Marianne1953 If the letters are generated from a computer database, there is probably not a field in the database for whether or not someone has a cervix, just whether they are male or female, so i don't think that is possible.
There was an advertising campaign aimed at "Anyone with a cervix" but that was criticised because not every woman knows the anatomical names for their body parts, especially if English is not their first language, so would not know that it was aimed at them.

Seems as if the NHS can't win on this one

muffinthemoo Sat 02-Mar-19 16:58:39

Personally, I feel the biggest issue with the UK's cervical screening programme is how little attention and publicity is given to its false positive and false negative rates, especially in younger women.

blogs.webmd.com/womens-health/20110606/how-accurate-is-my-pap-smear-result

"Paradoxically, increasing PAP smear sampling among low risk women actual increases your chance of getting a “false positive” one day. For example (DeMay, 2000), if you get a yearly PAP between the ages of 18 to 78, and one assumes a 5% incidence of false positives, you would have a 95% chance of getting a false positive report during that time."

I find the process extremely psychologically difficult and have chosen not to attend for the last decade. I am unlikely to attend screening again.

Ilovecheese Sat 02-Mar-19 17:01:41

muffinthemoo I understand completely your feelings about going for a smear test, but just have to tell you that if I had not gone for a test some thirty years ago and had the treatment that followed I would probably be dead by now.

icanhandthemback Sat 02-Mar-19 18:19:58

I knew a Gynae Consultant in Spain who said if you could afford it, you should get tested annually. He felt that the 3 year gap was just too long and that in that time you could go from negative to life threatening. My friend lost her daughter who was in her twenties to this and it was truly shocking.

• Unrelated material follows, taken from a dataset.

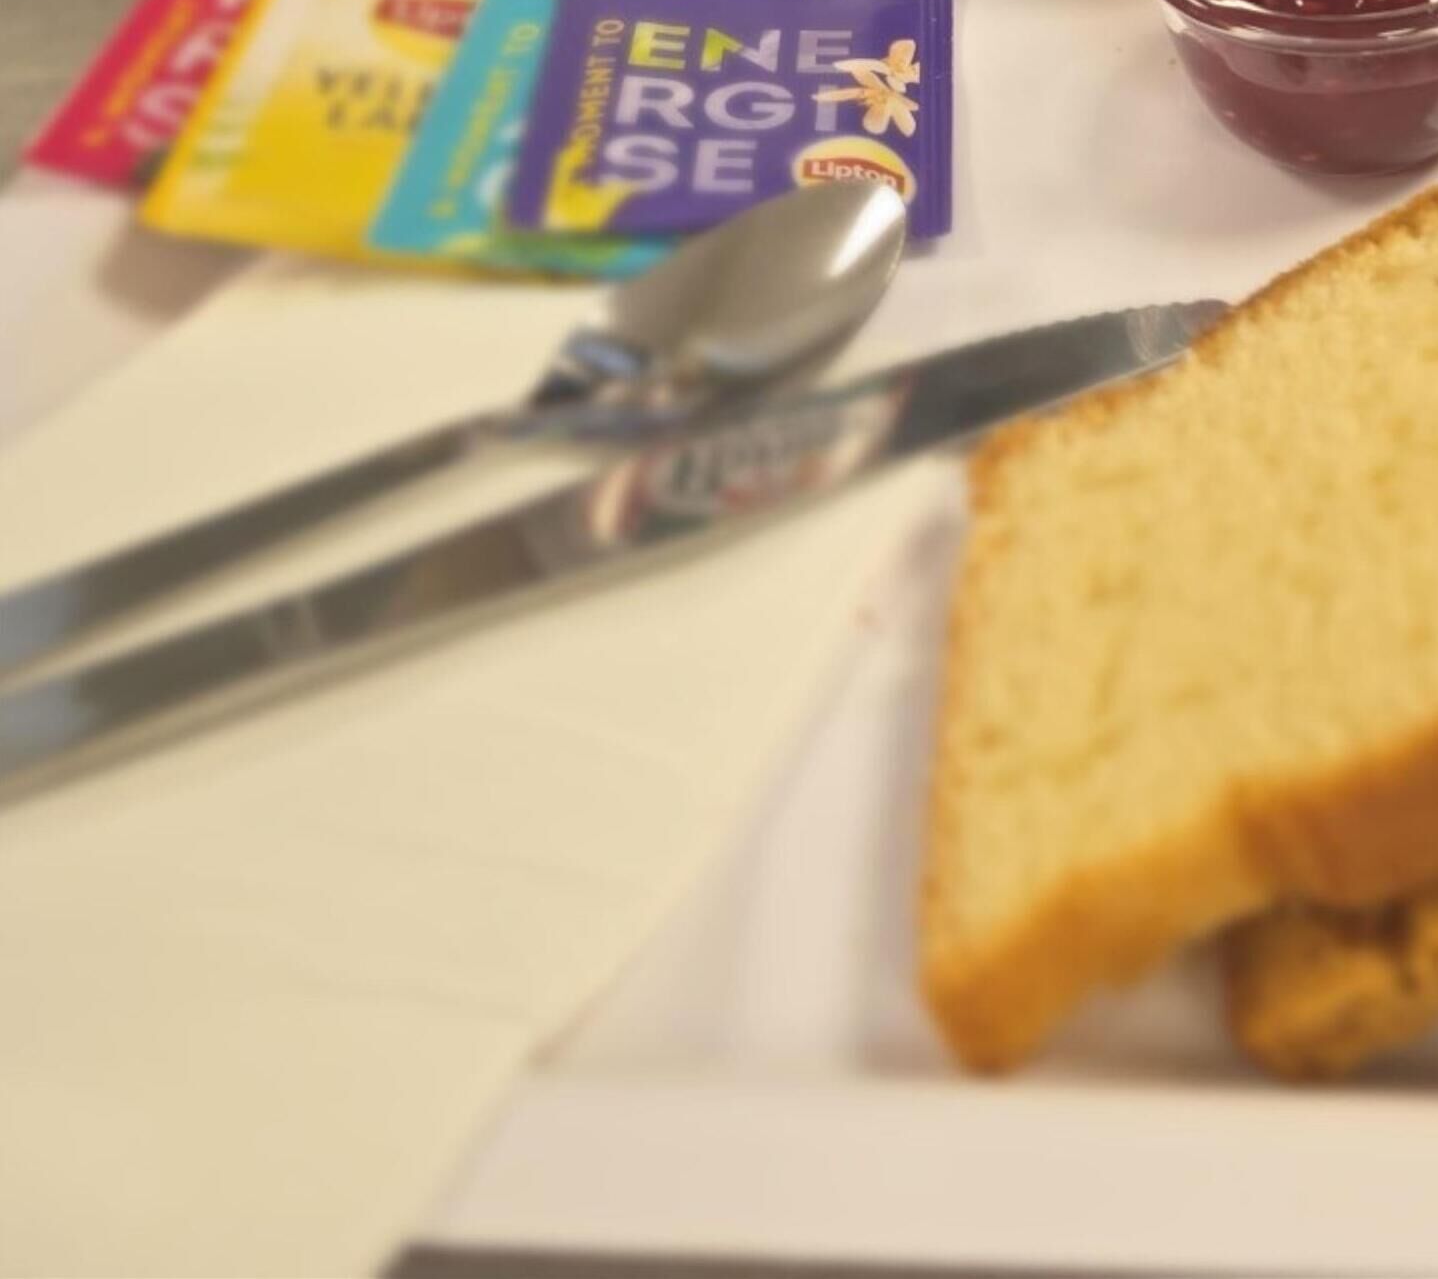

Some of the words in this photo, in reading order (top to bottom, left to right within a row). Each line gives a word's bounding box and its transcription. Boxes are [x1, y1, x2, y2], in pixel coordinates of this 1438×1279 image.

[627, 20, 854, 74] ENE
[603, 133, 759, 194] SE
[810, 160, 897, 187] Lipton

crystaltipps Sat 02-Mar-19 18:34:26

quizqueen immigrants do not make the greatest demands on the nhs though , it’s the elderly and the disabled, so don’t blame the migrants ( as we said before, the nhs would collapse without its immigrant workers).

muffinthemoo Sat 02-Mar-19 22:37:43

Ilovecheese I am glad you were diagnosed and treated; good health and long life to you flowers

I wouldn't be prepared to have treatment if I had a poor result, so there is no point in me going for screening. I understand the statistics around the risk for me, and I'm satisfied with my choice.

I do strongly feel that the false positive rate in particular is not well known. I understand the imperative for aggressive and early treatment, but that treatment is often destructive in nature and "borderline" smears or very low grade changes can cause quite incredible anxiety.

I think the results need to be better discussed by GPs and better contextualised for the patient.